Over the past 6 months I've really developed an interest in building detailed and accurate model engines. I usually hang out on the diecast boards, but I figured model engines were more relevant in the model car section :lol: 

Here are my latest two that I've finished... 
Pontiac 421 Tri-Power: 

















Supercharged Boss 429:


----------



## Lummox

Sweet mills - awesome work!!!


----------



## smilinbob3

Those are cool! keep em coming!


----------



## CJTORINO

That BOSS 429 is sweet. 
are you willing to deal it away?
I'm in the middle of a 1/24 scale '70 Mach 1 that is being built as a '70's street machine, and I could sure use it.

(got a sweet built '67 GTO that the 421 would look mighty good in).


----------



## CJTORINO

lets see if this pic works.....


----------



## harristotle

CJTORINO said:


> That BOSS 429 is sweet.
> are you willing to deal it away?
> I'm in the middle of a 1/24 scale '70 Mach 1 that is being built as a '70's street machine, and I could sure use it.
> 
> (got a sweet built '67 GTO that the 421 would look mighty good in).


Thank you, but I'm going to have to decline. If you want to find a Boss 429 engine, I don't mind making you one. I can take care of the wires/plumbing and headers. I will have a 1/25ish supercharged 421 that I would consider selling/trading off, but I want to do some more work on it first.


----------



## CJTORINO

Thats Cool. 
The Mustang in question is getting a 429 anyway, 
just with a Tunnel ram and 2 X 4's.
I'm Building it as a '70 Mach 1. when in reality,
its a "Mock One", as no BOSS 429 Mach 1's were built.
I'm slipping into a seventies street machine phase,
and that Blown 429 would look good between the fenders.
Would still send the '67 Goat your way if you need a home for the 421.

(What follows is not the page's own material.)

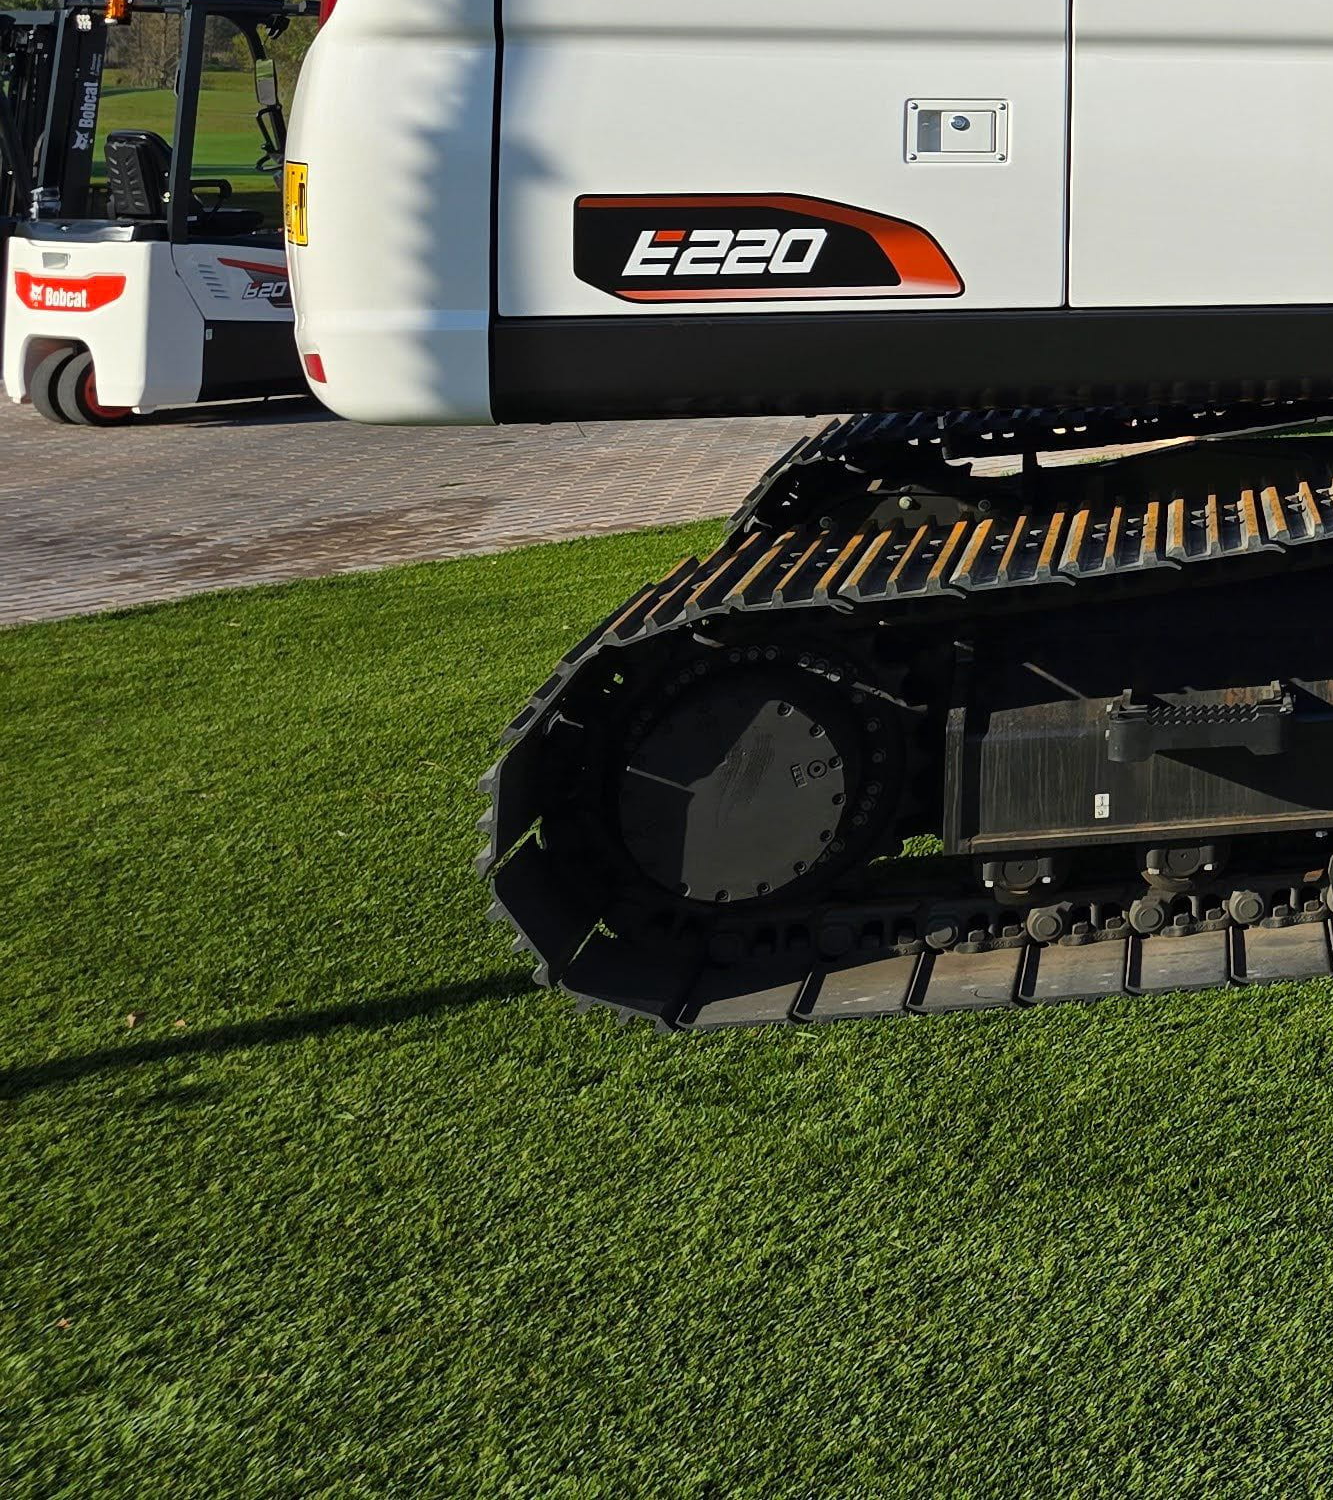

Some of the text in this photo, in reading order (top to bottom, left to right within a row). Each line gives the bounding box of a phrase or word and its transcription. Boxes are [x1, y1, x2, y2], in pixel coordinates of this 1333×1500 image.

[79, 82, 98, 128] Bobcat
[621, 228, 828, 276] E220
[46, 287, 87, 308] Bobcat

Hey, as a Colorado Native, I have to ask, where you from?
I get down there frequently, as we still own a Rental House in Denver.


----------



## modelgeek

Very Nice! what do you use for the spark plug wires? ..Jeff


----------



## harristotle

modelgeek said:


> Very Nice! what do you use for the spark plug wires? ..Jeff


The distributors and wires I buy pre-made. I've made my own before, but it is a huge time saver for me to have the distributors with the wires already in them. Plus it's a very clean look. 

Here's the site I got them from, http://www.scalemodelingbychris.com/auto_detailing.htm There a little expensive, but I don't mind spending it for the time saving and clean look.



CJTORINO said:


> Thats Cool.
> The Mustang in question is getting a 429 anyway,
> just with a Tunnel ram and 2 X 4's.
> I'm Building it as a '70 Mach 1. when in reality,
> its a "Mock One", as no BOSS 429 Mach 1's were built.
> I'm slipping into a seventies street machine phase,
> and that Blown 429 would look good between the fenders.
> Would still send the '67 Goat your way if you need a home for the 421.
> 
> Hey, as a Colorado Native, I have to ask, where you from?
> I get down there frequently, as we still own a Rental House in Denver.

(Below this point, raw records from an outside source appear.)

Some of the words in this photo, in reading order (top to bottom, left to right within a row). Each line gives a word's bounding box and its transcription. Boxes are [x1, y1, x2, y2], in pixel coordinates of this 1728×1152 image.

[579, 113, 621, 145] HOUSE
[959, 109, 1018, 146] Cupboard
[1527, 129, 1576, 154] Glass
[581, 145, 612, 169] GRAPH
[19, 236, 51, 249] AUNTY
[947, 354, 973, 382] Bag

I wouldn't mind turning the blown 421 over to you, but I'm hanging onto the stock Tri-power for my display. If you're interested in the supercharged 421 let me know and I will work on getting it finished and get you pics. 

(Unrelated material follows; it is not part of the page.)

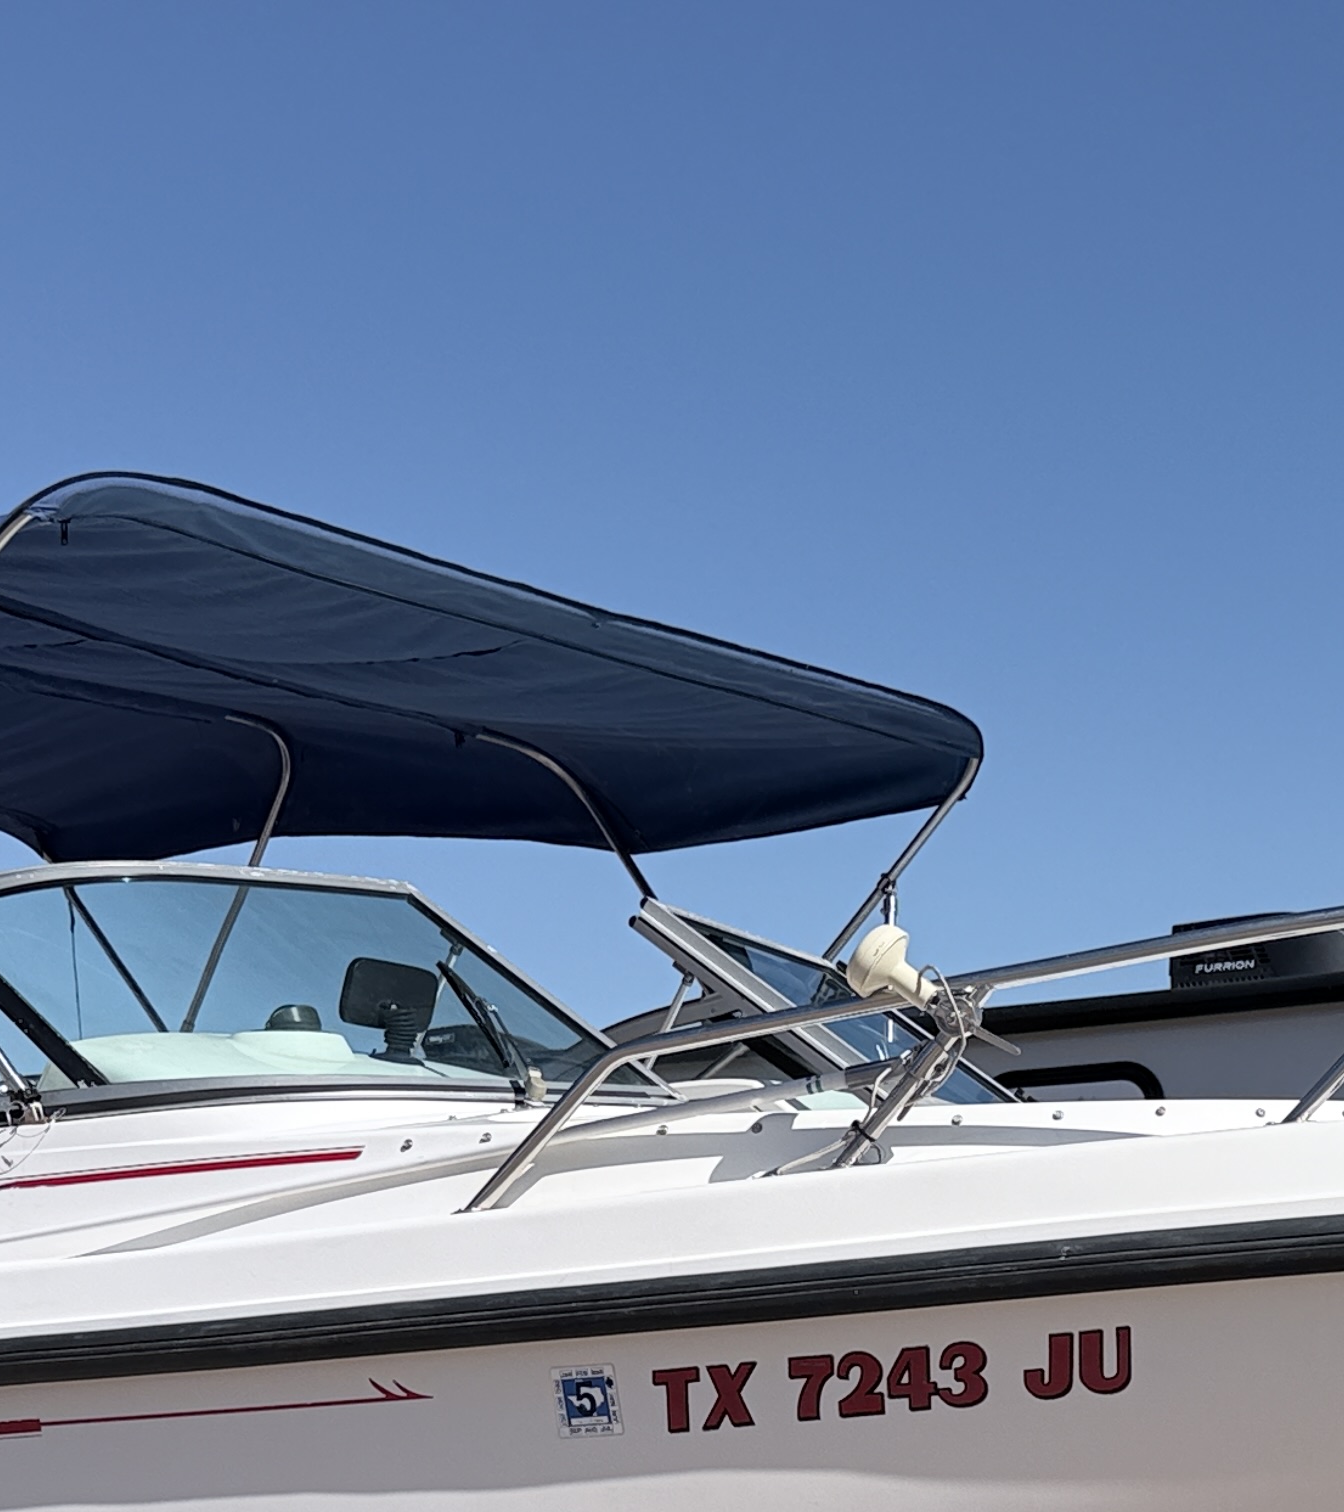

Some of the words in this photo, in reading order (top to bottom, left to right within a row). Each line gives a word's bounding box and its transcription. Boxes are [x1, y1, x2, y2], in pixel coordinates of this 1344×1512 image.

[1195, 959, 1255, 974] FURRION
[652, 1361, 757, 1433] TX
[788, 1341, 989, 1421] 7243
[1023, 1325, 1132, 1400] JU

I'm actually not from Colorado, but California and I'm at the Air Force Academy.


----------



## spencer1984

Those are awesome - a well-detailed powerplant like this makes a great model all on its own. Nice work!


----------



## CJTORINO

a picture of my engine-less, transmission-less '67 GTO:




















This is an old MPC kit, received in a box with lots of parts missing, so I scrounged thru my parts box for most of the interior, the rear end, the wheels and tires.


----------



## Stangfreak

*Those are absolutely fantastic. Outstanding work !*


----------